The evocative scent of lavender and beeswax flared her nostrils in the terracotta-tiled hall and she was surprised to see a beautiful arrangement of flowers adorning a side table. There were no fallen petals either. Presumably the house was being as well maintained as though it were still occupied to make it appear more appealing to buyers. Even so it was distinctly eerie to walk back into the marital home she had abandoned over a year earlier and pick up on a familiar ambience that hinted that she might only have walked away the day before.
There were more flowers in the airy main reception room and a pile of the most recent interior design publications lying on the coffee table. Pale drapes were ruffling in the fresh air filtering through an open window. She spotted a small sculpture she and Sander had bought together in Perpignan and her heart lurched, for she remembered that day so clearly. Then, happily pregnant, ignorant of the tragedy to come, she had nagged Sander into taking some rare time off and spending the day with her. They had laughed and talked at length over a leisurely lunch before wandering into the art gallery and spotting the sensually curved stone figure of a couple.
Emerging from her reverie with hot cheeks, Tally realised that she was almost mesmerised by the atmosphere that so strongly evoked the past. She shook her head as though to clear it. Would she really want to take that sculpture and its attendant memories back to London with her? She thought not and mounted the oak stairs to the upper floor. Her heart started beating very fast when she entered the main bedroom. She could remember what a state she had left things in there, with clothes scattered around as she hastily packed only what she could conveniently carry in one case. Now she peered into a wardrobe in the dressing room and saw the same items all neatly hung up, the drawers full of immaculately folded garments.
Emerging from the room in a dazed state, she fell still outside a door at the end of the landing and lost colour. She had to breathe in deep, perspiration breaking out on her brow, before she could make herself depress the handle to push the door wide open. She froze on the threshold in surprise—the enchanting nursery that she had furnished with such love and hope for the future no longer existed. Her shaken eyes scanned the freshly painted walls and full-sized bedroom furniture. There was nothing now to remind her of what had once been; but the memories inside her own head, she acknowledged. She was surprised but relieved that the baby equipment, colourful wallpaper and toys were gone. In the months after the stillbirth of her little boy, Tally had haunted that room, pointlessly, painfully dreaming of what might have been.
The dulled repetitive clack of rotor blades in the distance sent Tally to the landing window where she focused on a black helicopter moving in the cloudless blue sky over the valley. Sander had taken to flying in and out during the last months they had spent in France, citing the advantage of his being able to work while someone else transported him. By then it had sunk in on her that she was married to an unashamed workaholic to whom time meant money and the eternal pursuit of profit. A pregnant wife and a marriage needing attention had been at the very foot of Sander’s to-do list. Of course it would not be Sander coming to visit today, Tally reflected wryly, moving away to pull open a storage cupboard where cases were mercifully still stored.
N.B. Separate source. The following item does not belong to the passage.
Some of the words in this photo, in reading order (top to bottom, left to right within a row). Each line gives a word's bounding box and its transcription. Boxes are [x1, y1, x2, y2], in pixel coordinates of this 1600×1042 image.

She would make a start by packing her clothes and then check out the rest of the house for anything she felt she could not live without. Sheets that smelled of Sander, she thought straight away before she could suppress that inappropriate notion. In fact where on earth had that ridiculous thought come from? It was the crazy spell cast by this stupid house getting into her brain and confusing her, she decided angrily. It had been a very long time since such an idea had come naturally to her.
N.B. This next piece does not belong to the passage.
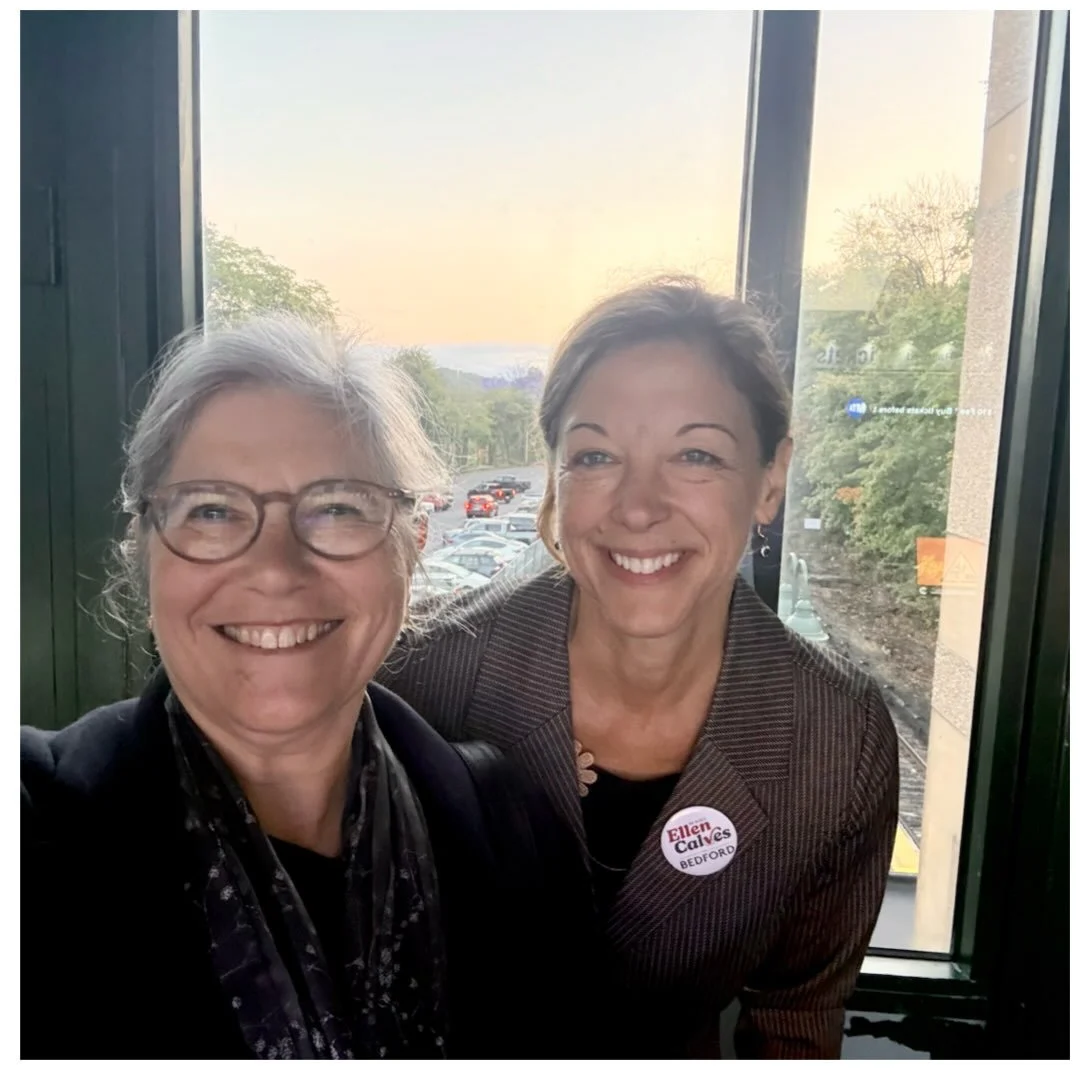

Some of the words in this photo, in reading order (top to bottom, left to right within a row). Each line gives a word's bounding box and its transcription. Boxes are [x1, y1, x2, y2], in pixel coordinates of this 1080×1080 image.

[666, 821, 712, 843] Ellen
[674, 826, 732, 854] Calves
[679, 845, 736, 870] BEDFORD
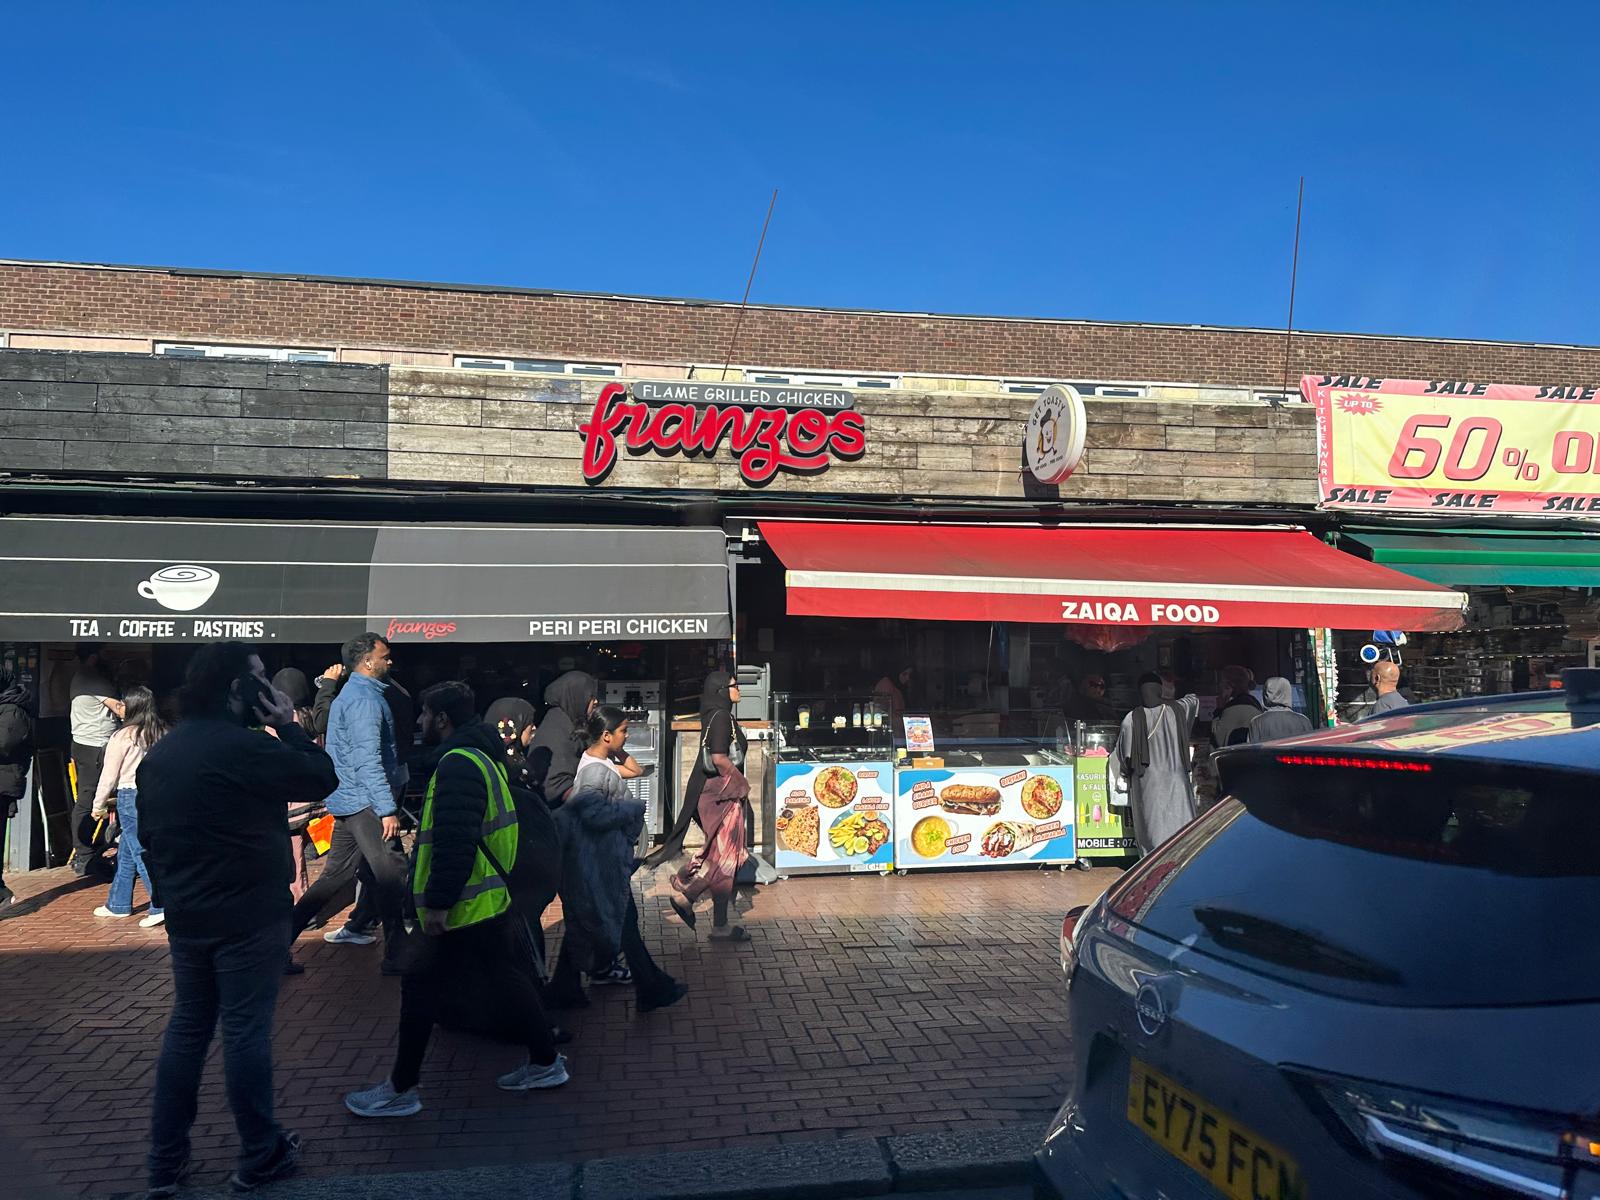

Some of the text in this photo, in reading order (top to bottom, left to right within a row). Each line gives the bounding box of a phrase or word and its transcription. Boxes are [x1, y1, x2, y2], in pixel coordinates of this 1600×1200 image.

Tally was piling clothing into a case and paying scant attention to the rules of good packing when the noise of the helicopter apparently landing nearby drew her back to the window with a frown of curiosity. By then, the craft had landed on the pad at the edge of the orchard and through the screening mass of summer shrubbery in the grounds she recognised the colourful red ‘V’ logo on its side: V for Volakis. Her heart started beating very fast. It couldn’t be Sander, it couldn’t possibly be Sander!
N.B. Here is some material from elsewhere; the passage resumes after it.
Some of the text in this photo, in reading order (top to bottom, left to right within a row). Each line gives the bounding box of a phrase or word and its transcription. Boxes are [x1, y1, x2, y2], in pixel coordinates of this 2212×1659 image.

As Tally backed away unconsciously from the glass she saw a tall, black-haired man in a business suit striding towards the house and shock almost stopped her heart beating altogether. The leashed masculine power of Sander’s proud carriage and long stride were unmistakeable. Something shamefully akin to panic assailed Tally and, for a split second, she seriously thought of stepping into the storage cupboard where she had found the cases and closing the door. She soon shook off that nonsensical idea but she was still frozen on the landing when she heard the front door open.
‘Tally—where are you? It’s Sander,’ a painfully familiar accented drawl announced; and fingered down the length of her spine like a mocking caress.
Her grip on the banister tightened and she moved stiffly to the head of the stairs before starting reluctantly down them, a slender very straight-backed small figure sporting an unconvincing smile. ‘I’ve been packing. What on earth are you doing here?’
‘This is still my house,’ Sander reminded her softly.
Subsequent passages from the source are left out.